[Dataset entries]
- - -

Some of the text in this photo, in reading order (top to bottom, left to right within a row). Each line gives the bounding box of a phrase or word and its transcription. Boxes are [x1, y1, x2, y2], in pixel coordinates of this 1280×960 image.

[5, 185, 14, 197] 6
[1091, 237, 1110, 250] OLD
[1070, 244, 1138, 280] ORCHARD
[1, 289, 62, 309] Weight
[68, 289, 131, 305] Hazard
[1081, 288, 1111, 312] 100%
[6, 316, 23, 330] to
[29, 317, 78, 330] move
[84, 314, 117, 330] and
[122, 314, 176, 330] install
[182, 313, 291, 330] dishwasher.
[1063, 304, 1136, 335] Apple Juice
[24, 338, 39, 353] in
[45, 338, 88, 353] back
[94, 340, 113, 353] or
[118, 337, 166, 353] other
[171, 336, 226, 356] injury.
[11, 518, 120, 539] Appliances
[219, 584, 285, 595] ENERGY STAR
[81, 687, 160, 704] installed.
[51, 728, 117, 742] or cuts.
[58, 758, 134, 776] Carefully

- - -

== Directions for this task ==
Each record must be reproduced exactly, with nothing missing.

== Answer to this problem ==
Some of the text in this photo, in reading order (top to bottom, left to right within a row). Each line gives the bounding box of a phrase or word and its transcription. Boxes are [x1, y1, x2, y2], in pixel coordinates of this 1280×960 image.

[5, 185, 14, 197] 6
[1091, 237, 1110, 250] OLD
[1070, 244, 1138, 280] ORCHARD
[1, 289, 62, 309] Weight
[68, 289, 131, 305] Hazard
[1081, 288, 1111, 312] 100%
[6, 316, 23, 330] to
[29, 317, 78, 330] move
[84, 314, 117, 330] and
[122, 314, 176, 330] install
[182, 313, 291, 330] dishwasher.
[1063, 304, 1136, 335] Apple Juice
[24, 338, 39, 353] in
[45, 338, 88, 353] back
[94, 340, 113, 353] or
[118, 337, 166, 353] other
[171, 336, 226, 356] injury.
[11, 518, 120, 539] Appliances
[219, 584, 285, 595] ENERGY STAR
[81, 687, 160, 704] installed.
[51, 728, 117, 742] or cuts.
[58, 758, 134, 776] Carefully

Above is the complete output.